MPs laud Budget as ‘creative, generous’

According to The Straits Times :

Workfare scheme, corporate tax cut and GST offset package praised

Feb 28, 2007
The Straits Times

IN HIS decade in Parliament, businessman MP Inderjit Singh has seen many Budgets, but this year’s blew him away.
‘This is one of the best, if not the best budgets, I have seen,’ declared the MP known for his strong, unvarnished views on government policies, as he launched the parliamentary debate on the Budget statement yesterday.

From then on, the praises flowed the entire day. MP after MP was not short on adjectives, describing the Budget variously as being creative, generous and bold, and having something for everyone.
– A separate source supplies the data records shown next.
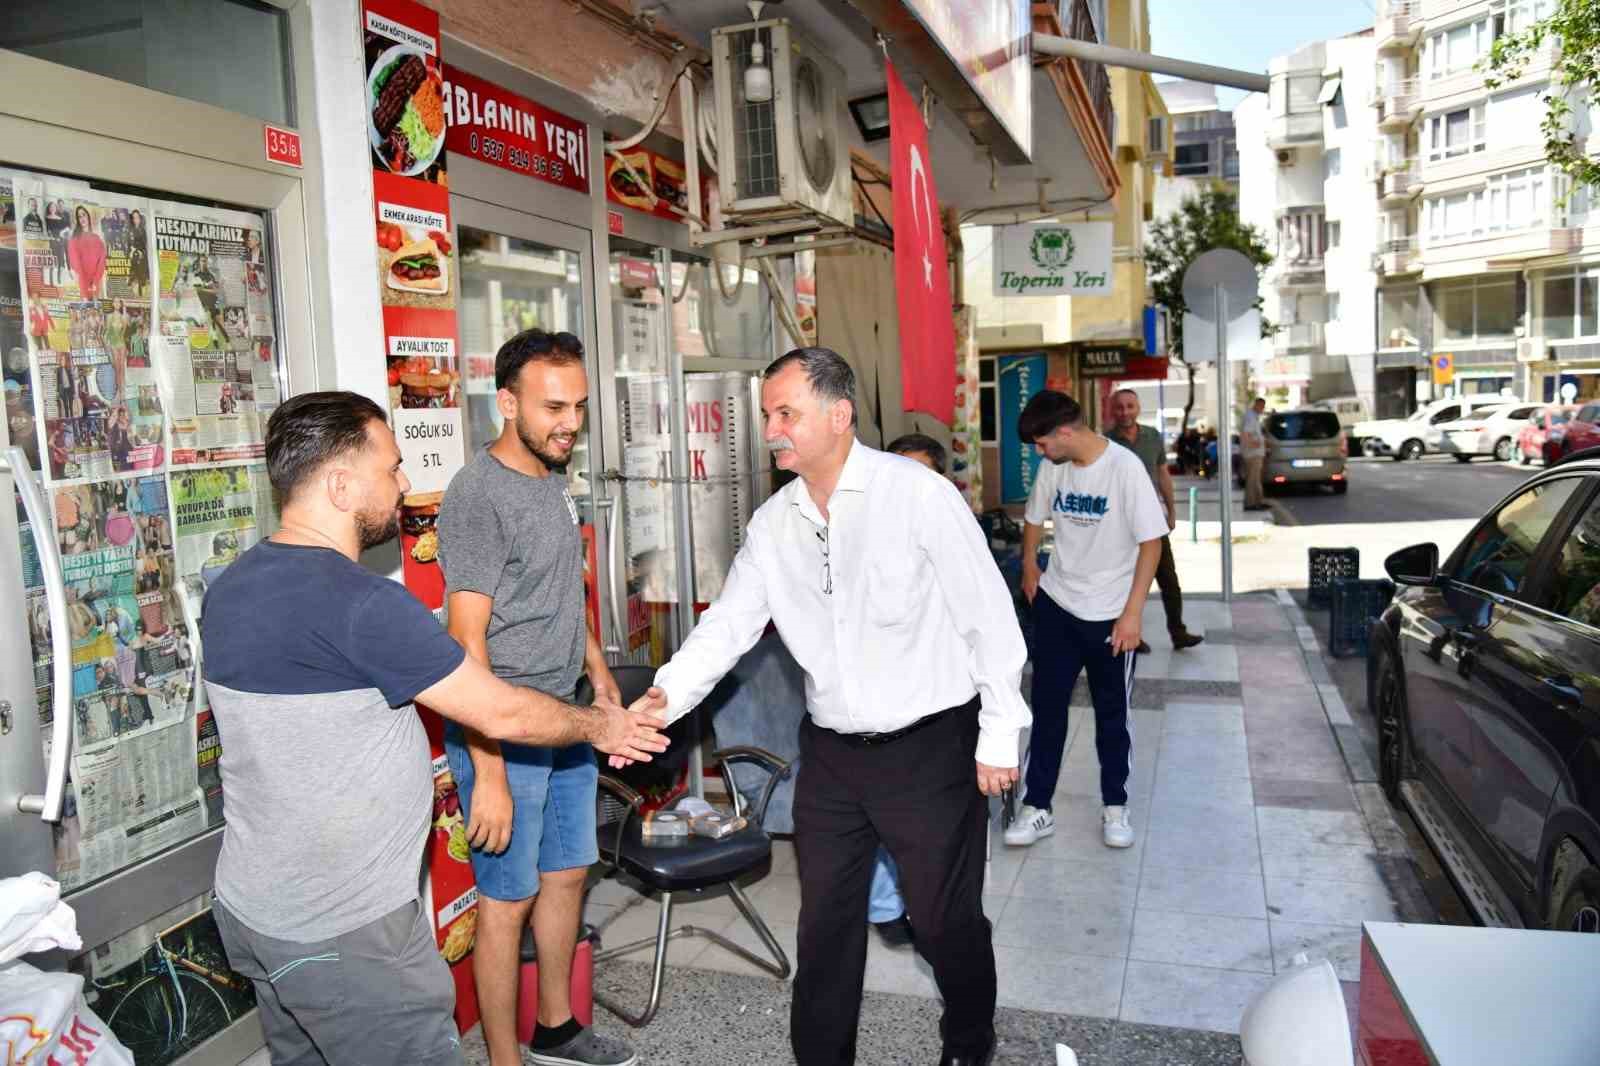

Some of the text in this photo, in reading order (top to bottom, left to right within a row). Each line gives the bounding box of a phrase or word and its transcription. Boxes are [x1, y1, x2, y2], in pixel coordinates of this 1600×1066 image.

[470, 132, 479, 154] 0
[543, 120, 586, 181] YERİ
[384, 208, 406, 221] EKMEK
[424, 215, 442, 229] KÖFTE
[156, 218, 244, 242] HESAPLARIMIZ
[157, 235, 210, 254] TUTMADI
[1000, 271, 1107, 293] Toperin Yeri
[396, 340, 449, 353] AYVALIK TOST
[404, 421, 453, 440] SOĞUK SU
[423, 452, 442, 468] 5 TL
[453, 889, 480, 914] PATATE
This included the new Workfare Income Supplement for low-wage workers; the Central Provident Fund (CPF) restoration of 1.5 points; corporate tax cuts of 2 points to 18 per cent; and a generous offset package to cushion the impact of the hike in the Goods and Services Tax (GST).

Indeed, even as the 22 who spoke raised concerns with some gaps and problems, none challenged the fundamental strategy of making Singapore more competitive and helping the lower-income to help themselves.

Even opposition MP Low Thia Khiang (Hougang) praised Workfare’s permanent nature, saying that the Budget therefore ’serves to encourage social cohesion, strengthen safety nets in the society’.

But the Workers’ Party chief was the lone voice in the House arguing against the GST increase from 5 to 7 per cent.

He argued that with the economy doing well, revenue from corporate tax would go up, making a GST increase unnecessary.

The People’s Action Party (PAP) legislators returned his fire with ire.

Mr Hri Kumar (Bishan-Toa Payoh GRC) called his argument ‘completely illogical’.

He said: ‘In other words, let’s wait. When the Singapore economy is not doing so well, then increase taxes.

‘We should have a prudent fiscal policy. When times are good, let’s raise the funds we know we need to make sure Singapore takes the next step forward.’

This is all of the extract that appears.